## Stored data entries
☆ ☆ ☆ ☆
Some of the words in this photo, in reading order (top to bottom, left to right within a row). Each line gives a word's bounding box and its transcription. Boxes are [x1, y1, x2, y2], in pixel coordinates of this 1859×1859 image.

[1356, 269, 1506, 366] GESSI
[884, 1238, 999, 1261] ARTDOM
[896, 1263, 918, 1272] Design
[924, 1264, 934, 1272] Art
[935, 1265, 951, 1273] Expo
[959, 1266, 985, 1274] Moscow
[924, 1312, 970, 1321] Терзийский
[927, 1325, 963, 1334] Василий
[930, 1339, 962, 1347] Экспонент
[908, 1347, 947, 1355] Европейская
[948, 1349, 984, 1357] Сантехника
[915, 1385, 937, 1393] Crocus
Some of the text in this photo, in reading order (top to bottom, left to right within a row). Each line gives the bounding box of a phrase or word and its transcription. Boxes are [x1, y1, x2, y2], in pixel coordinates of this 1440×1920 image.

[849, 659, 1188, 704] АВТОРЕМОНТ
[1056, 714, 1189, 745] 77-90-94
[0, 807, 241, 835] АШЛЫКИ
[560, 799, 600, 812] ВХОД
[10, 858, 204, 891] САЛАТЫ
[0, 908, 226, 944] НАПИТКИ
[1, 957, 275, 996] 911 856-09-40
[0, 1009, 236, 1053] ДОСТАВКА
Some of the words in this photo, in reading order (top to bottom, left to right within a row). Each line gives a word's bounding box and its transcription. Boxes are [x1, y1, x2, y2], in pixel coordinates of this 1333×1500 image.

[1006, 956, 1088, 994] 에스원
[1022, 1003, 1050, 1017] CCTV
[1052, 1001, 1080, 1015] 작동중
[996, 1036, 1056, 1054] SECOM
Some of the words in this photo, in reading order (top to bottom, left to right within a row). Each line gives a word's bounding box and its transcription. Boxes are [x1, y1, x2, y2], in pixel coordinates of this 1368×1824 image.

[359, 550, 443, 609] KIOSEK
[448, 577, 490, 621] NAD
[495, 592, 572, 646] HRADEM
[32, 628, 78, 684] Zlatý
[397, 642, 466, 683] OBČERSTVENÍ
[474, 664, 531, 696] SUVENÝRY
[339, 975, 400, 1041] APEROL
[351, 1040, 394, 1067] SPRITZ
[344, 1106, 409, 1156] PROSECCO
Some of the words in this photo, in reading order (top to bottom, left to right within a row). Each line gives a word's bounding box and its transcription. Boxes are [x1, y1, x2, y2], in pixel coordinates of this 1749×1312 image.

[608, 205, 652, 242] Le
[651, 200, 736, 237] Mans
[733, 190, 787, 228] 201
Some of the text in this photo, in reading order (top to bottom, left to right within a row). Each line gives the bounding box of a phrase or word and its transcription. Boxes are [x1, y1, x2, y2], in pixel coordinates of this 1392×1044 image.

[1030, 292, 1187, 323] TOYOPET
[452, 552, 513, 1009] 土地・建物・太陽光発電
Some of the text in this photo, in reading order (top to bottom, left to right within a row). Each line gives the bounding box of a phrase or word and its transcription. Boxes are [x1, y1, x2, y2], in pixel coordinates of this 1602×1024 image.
☆ ☆ ☆ ☆
## Exercise requirements
From the first line to the last, return the data exactly as written.

## Written response
Some of the words in this photo, in reading order (top to bottom, left to right within a row). Each line gives a word's bounding box and its transcription. Boxes are [x1, y1, x2, y2], in pixel coordinates of this 1859×1859 image.

[1356, 269, 1506, 366] GESSI
[884, 1238, 999, 1261] ARTDOM
[896, 1263, 918, 1272] Design
[924, 1264, 934, 1272] Art
[935, 1265, 951, 1273] Expo
[959, 1266, 985, 1274] Moscow
[924, 1312, 970, 1321] Терзийский
[927, 1325, 963, 1334] Василий
[930, 1339, 962, 1347] Экспонент
[908, 1347, 947, 1355] Европейская
[948, 1349, 984, 1357] Сантехника
[915, 1385, 937, 1393] Crocus
Some of the text in this photo, in reading order (top to bottom, left to right within a row). Each line gives the bounding box of a phrase or word and its transcription. Boxes are [x1, y1, x2, y2], in pixel coordinates of this 1440×1920 image.

[849, 659, 1188, 704] АВТОРЕМОНТ
[1056, 714, 1189, 745] 77-90-94
[0, 807, 241, 835] АШЛЫКИ
[560, 799, 600, 812] ВХОД
[10, 858, 204, 891] САЛАТЫ
[0, 908, 226, 944] НАПИТКИ
[1, 957, 275, 996] 911 856-09-40
[0, 1009, 236, 1053] ДОСТАВКА
Some of the words in this photo, in reading order (top to bottom, left to right within a row). Each line gives a word's bounding box and its transcription. Boxes are [x1, y1, x2, y2], in pixel coordinates of this 1333×1500 image.

[1006, 956, 1088, 994] 에스원
[1022, 1003, 1050, 1017] CCTV
[1052, 1001, 1080, 1015] 작동중
[996, 1036, 1056, 1054] SECOM
Some of the words in this photo, in reading order (top to bottom, left to right within a row). Each line gives a word's bounding box and its transcription. Boxes are [x1, y1, x2, y2], in pixel coordinates of this 1368×1824 image.

[359, 550, 443, 609] KIOSEK
[448, 577, 490, 621] NAD
[495, 592, 572, 646] HRADEM
[32, 628, 78, 684] Zlatý
[397, 642, 466, 683] OBČERSTVENÍ
[474, 664, 531, 696] SUVENÝRY
[339, 975, 400, 1041] APEROL
[351, 1040, 394, 1067] SPRITZ
[344, 1106, 409, 1156] PROSECCO
Some of the words in this photo, in reading order (top to bottom, left to right within a row). Each line gives a word's bounding box and its transcription. Boxes are [x1, y1, x2, y2], in pixel coordinates of this 1749×1312 image.

[608, 205, 652, 242] Le
[651, 200, 736, 237] Mans
[733, 190, 787, 228] 201
Some of the text in this photo, in reading order (top to bottom, left to right within a row). Each line gives the bounding box of a phrase or word and its transcription. Boxes are [x1, y1, x2, y2], in pixel coordinates of this 1392×1044 image.

[1030, 292, 1187, 323] TOYOPET
[452, 552, 513, 1009] 土地・建物・太陽光発電
Some of the text in this photo, in reading order (top to bottom, left to right within a row). Each line gives the bounding box of a phrase or word and its transcription. Boxes are [x1, y1, x2, y2], in pixel coordinates of this 1602×1024 image.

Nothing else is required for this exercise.